>>

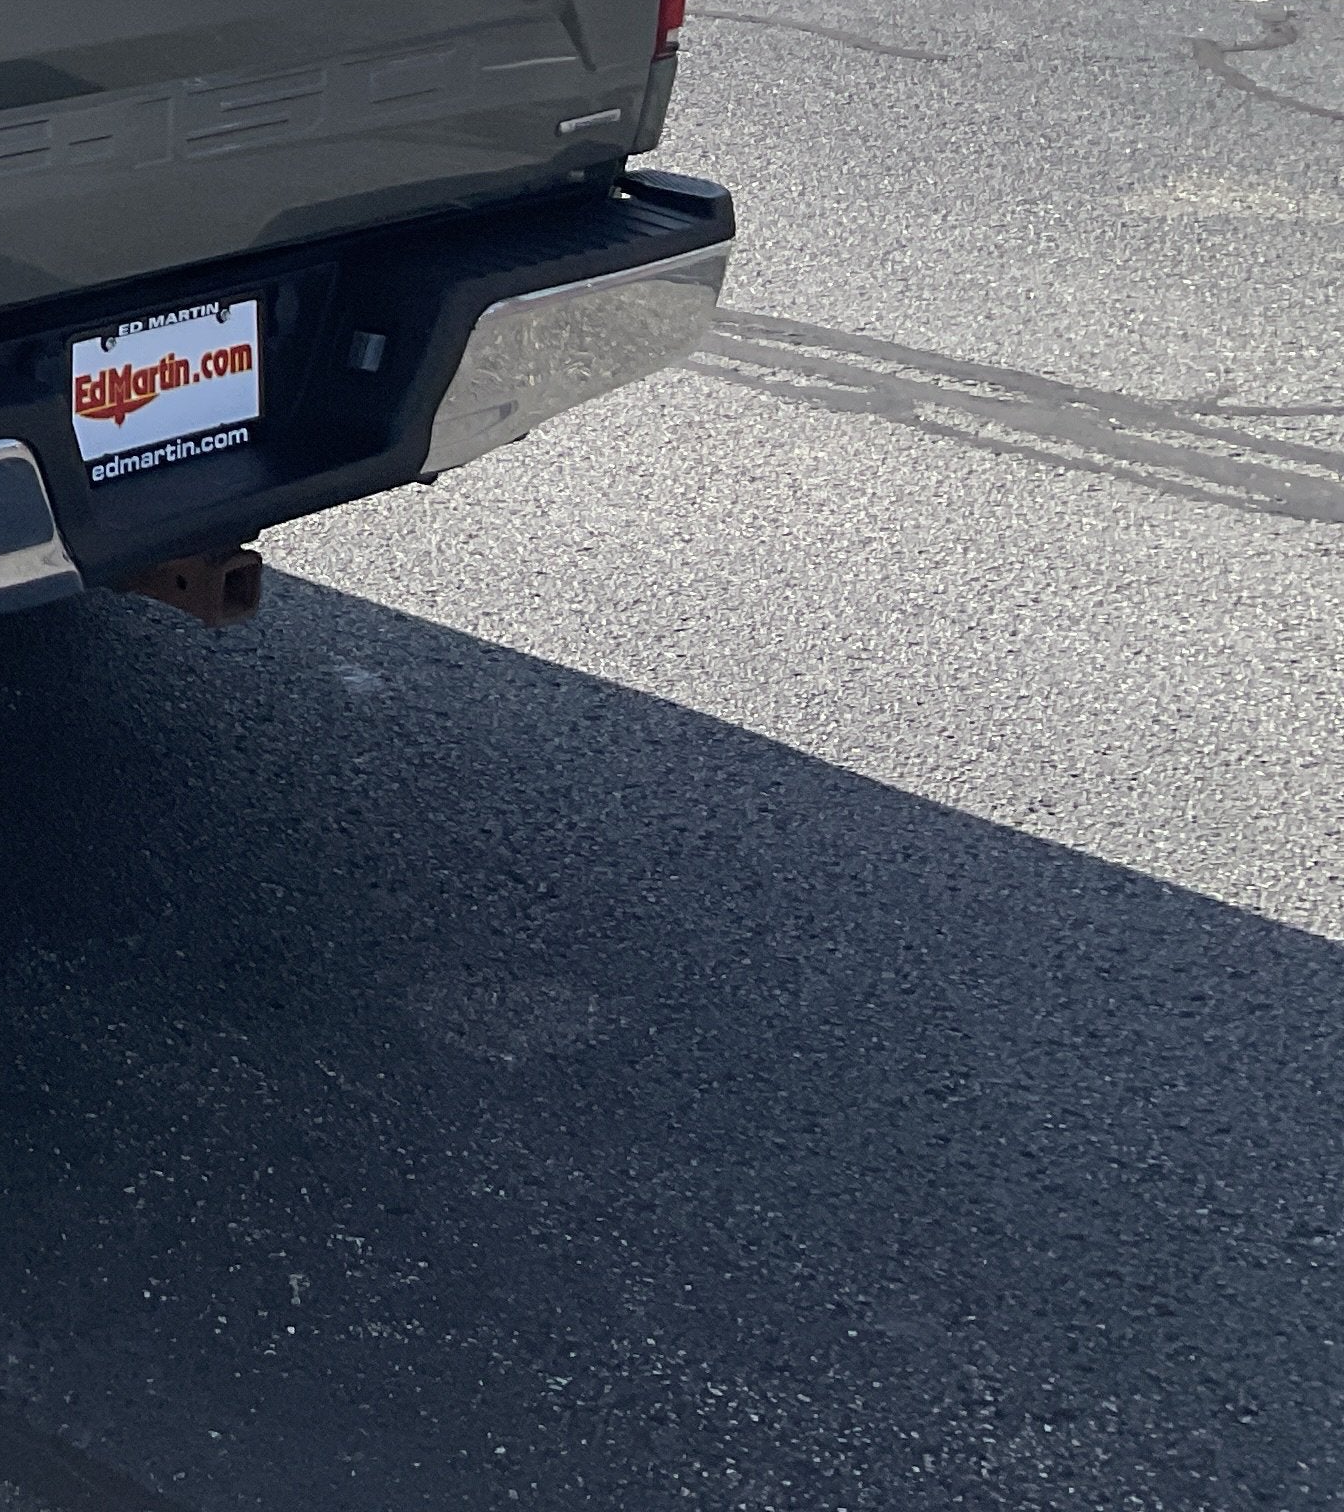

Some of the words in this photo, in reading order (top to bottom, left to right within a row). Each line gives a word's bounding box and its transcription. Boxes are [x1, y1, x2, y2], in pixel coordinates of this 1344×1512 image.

[118, 321, 143, 336] ED
[148, 301, 220, 329] MARTIN
[74, 343, 253, 415] EdMartin.com
[91, 427, 249, 482] edmartin.com

<<

Set down the entries above word for word, but drop any image.

Some of the words in this photo, in reading order (top to bottom, left to right within a row). Each line gives a word's bounding box and its transcription. Boxes are [x1, y1, x2, y2], in pixel coordinates of this 1344×1512 image.

[118, 321, 143, 336] ED
[148, 301, 220, 329] MARTIN
[74, 343, 253, 415] EdMartin.com
[91, 427, 249, 482] edmartin.com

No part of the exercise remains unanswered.